É evidente a desinformação e a inconsequência das críticas sobre a Reforma Trabalhista aprovada há pouco tempo na Câmera dos Deputados. As desaprovações, sem nenhum detalhamento, mostram a efetiva implicação com a questão, baseando-se apenas na fala de que a reforma “retira direito dos trabalhadores”. O que muitos não perceberam é que as eminentes críticas são manipuladas por questões eleitorais e você está apenas servindo de agente de disseminação, peça de manobra desse ou daquele partido político. Primeiramente, é necessário entender que não existe retirada de direitos. O que existe é a possibilidade de negociação em alguns casos. Alguns pontos mais importantes que não são negociáveis podem ajudar a nos informar melhor antes de opinar sobre qualquer coisa. Não são negociáveis: normas de saúde e higiene no trabalho, FGTS, 13º salário, seguro, salário família, adicional de horas extras, licença maternidade e aviso prévio. Pontos de negociação com acordos sindicais: jornada de trabalho, respeitando 44 horas semanais, intervalos e feriados e o banco de horas. A divisão de férias em três períodos não menores do que 5 dias e questões ligadas ao deslocamento até o trabalho. Um exemplo é a jornada de 12 horas com 36 horas de descanso, o que já existe, mas sem segurança jurídica, pois é causa de grande parte dos processos judiciais nas varas de trabalho. O texto também contempla o trabalho em casa, conhecido como home-office, estipulando atividades, responsabilidades e custos de operação e regulamenta o trabalho de gestantes. Como se pode ver, a reforma busca regulamentar práticas já existentes, mas que dão margem para processos judiciais infindáveis por não possuírem amparo legal consistente.  Com tais medidas, haverá mais clareza na relação entre patrão e empregado, o que pode gerar mais confiança.
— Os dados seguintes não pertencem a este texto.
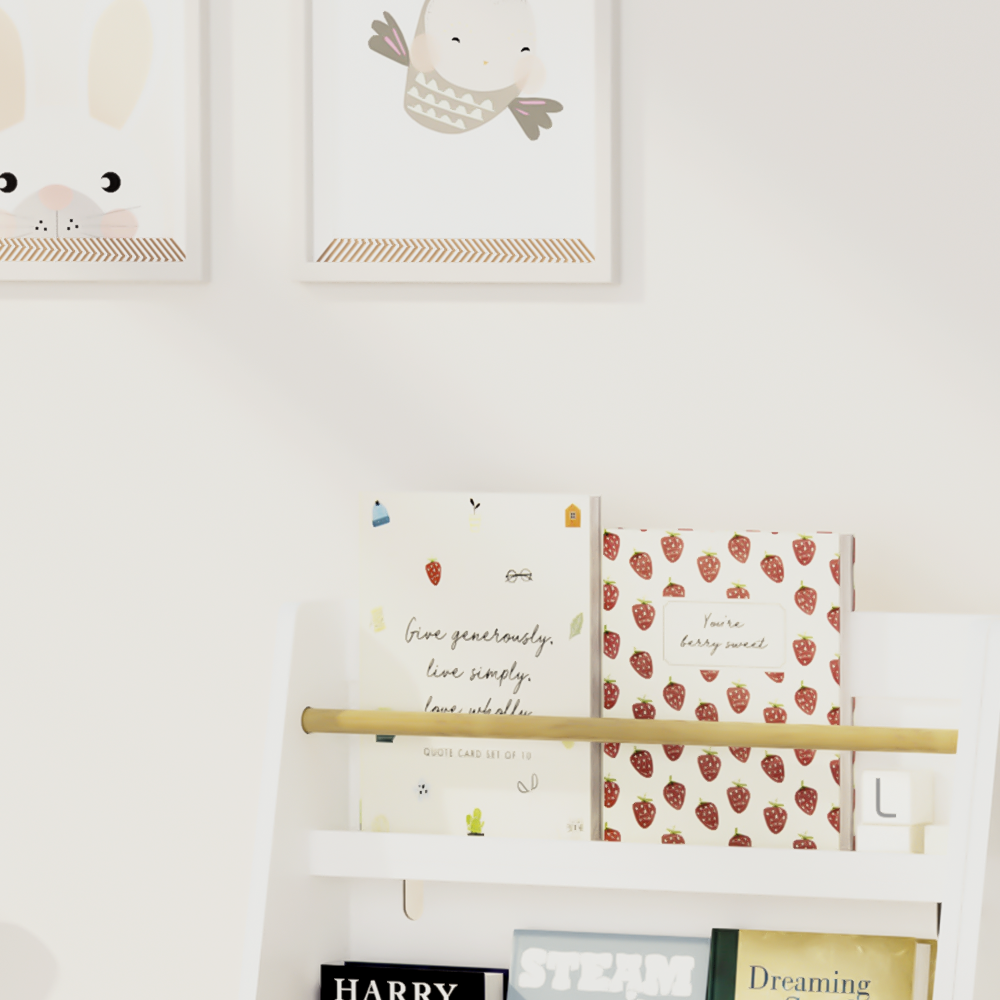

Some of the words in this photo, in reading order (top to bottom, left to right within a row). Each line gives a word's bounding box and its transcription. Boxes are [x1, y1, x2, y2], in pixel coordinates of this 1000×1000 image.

Já ouvi muitos empresários dizendo que não querem mais contratar, pois funcionário só dá problema; talvez não seja o funcionário, mas as brechas deixadas e a falta de regulamentação de novas formas de trabalho. O mundo mudou e as leis devem acompanhar a evolução, creio que é isto que estamos buscando. A estabilidade é condição crucial para retomada do crescimento. Críticas vazias, sem fundamento, apenas atrapalham o processo. É importante colocar na ponta do lápis o que você é contra e o que é a favor, mas para isso é necessário ler o que estão propondo, não apenas repetir o que nos dizem.